In the US, this already appears to be happening. Instagram and TikTok hobbyists complaining about the impact of tariffs, for example, have had more impact than many of the responses pushed by the official channels of the Democratic Party. Trump’s 2024 success with younger voters appears partly driven by a network of influencers and content creators who are not instantly recognised as party figures but make supportive arguments in ways that resonate well on social media apps. Building similar networks of political, but not obviously partisan, accounts has also been a tactic employed by more malicious influence operations. Outsiders within their own party, like NY Mayoral candidate Zohran Mamdani and aspiring congressional candidate Kat Abughazaleh, have built buzz with pithy short-form videos. Doing it with the right intentions could become a powerful move in modern political communications.

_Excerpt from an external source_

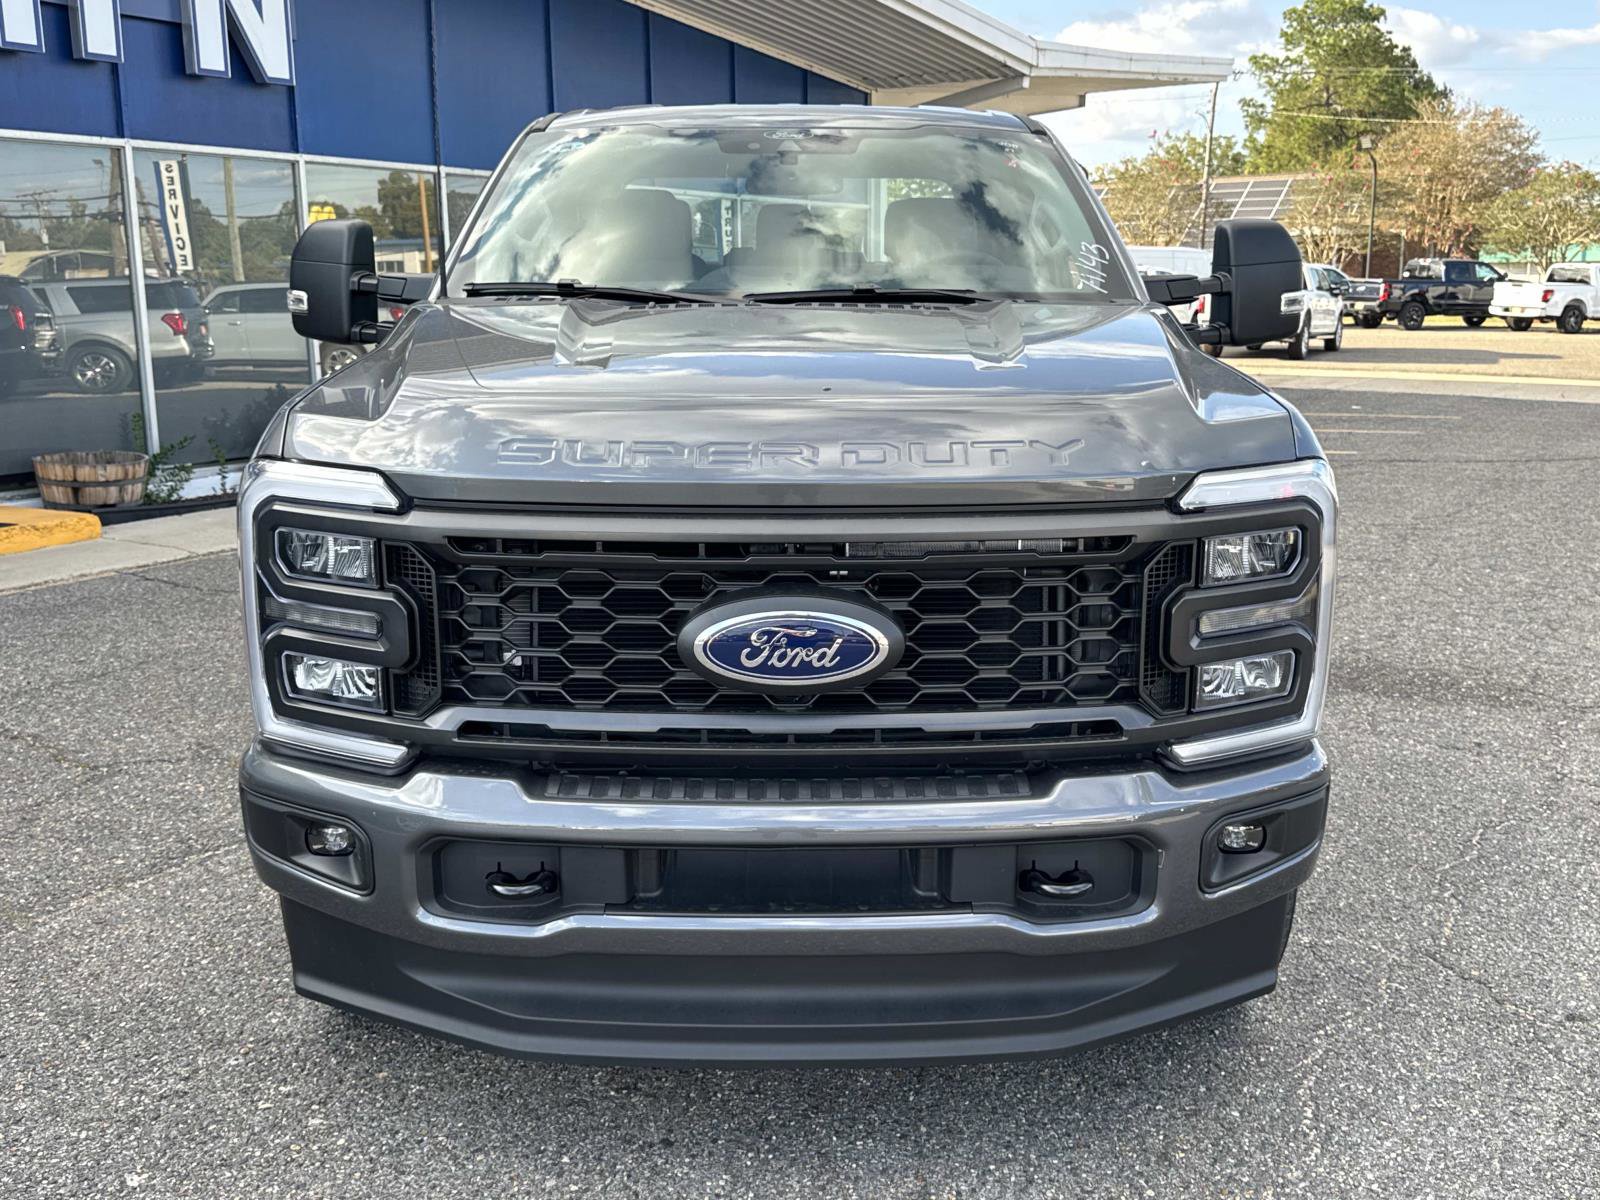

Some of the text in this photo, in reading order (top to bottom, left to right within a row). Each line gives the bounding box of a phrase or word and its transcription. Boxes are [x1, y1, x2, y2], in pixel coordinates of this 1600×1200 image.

[496, 437, 1086, 469] SUPER DUTY
[740, 626, 844, 668] Ford

The post-literate world is coming, and it is bringing with it a new political grammar. Some political actors have taken to it instinctively. It drove the surge of Die Linke in Germany, while the Reform party mostly seems to be profiting here. The platforms suit these radicals, who thrive on the simple, emotive messages that short-form videos can convey quickly and spread widely. The mainstream will cede ground if they cannot do the same. Pushing out press releases or graphics to Facebook groups will not suffice as the world shifts more towards TikTok, Reels, and other forms of virtually wordless political infotainment.

Labour, Lib Dems, and the Tories need to adapt to this new world. They need to find ways to convey their brand and their policies where the voters are, just as they did with social media and TV before that. It doesn’t mean getting into the populist gutter, but it does mean thinking about what these platforms need, and how it differs from current political communication. They must master both the algorithm and the voice, likely by finding new ways to spread their message, which appear less official and less polished, and sell their pitch to a more sceptical, less engaged audience.

It might be cynical and simplistic, but that’s perhaps the name of the game now. Imagine, if you will, some pretty Labour activist extolling the virtues of immigration while applying her make-up - a video format that suggests such familiarity with the subject you don’t need to pay full attention. Or an AI voice-over clips of people working, explaining how an NI increase can stifle the job market. They might seem appalling to us wordy folk on Substack, but deploy the visual language of short form video in a way that could be highly effective.

Beyond that, regulators need to get engaged, too. UK electoral laws have lagged behind the rise in these new forms of communication. They are pamphlet-age rules in a world of apps. Much of what can happen on TikTok, like the lack of clarity of who is posting, goes against the spirit of our rules on political communications, but has little hope of enforcement. The major parties can, collaboratively, engage with this to produce fair and up-to-date regulations that accept, but police, the new post-literate politics.

Ultimately, the post-literate turn is not simply a communications problem for politics: it is a cultural one. If voters are increasingly consuming their politics as vibes, fragments, and memes, then our very sense of what it means to be “informed” is shifting. The danger is not just that parties fall behind, but that public debate itself becomes thinner, faster, and more volatile. A viral clip can tilt an argument more effectively than a policy paper ever could, yet it leaves little room for scrutiny or context.

That does not mean serious politics is doomed. Just as print adapted to radio, and radio to television, this too can be bridged. The question is whether Britain’s political class is willing to experiment, risk embarrassment, and learn fluency in a medium that resists their instincts for control. The choice is stark: either embrace the grammar of the new platforms, or retreat into irrelevance while populists and opportunists dominate the feeds. If the health of our democracy depends on informed consent, then the battle for attention on TikTok and its successors is not trivial – it is the frontline.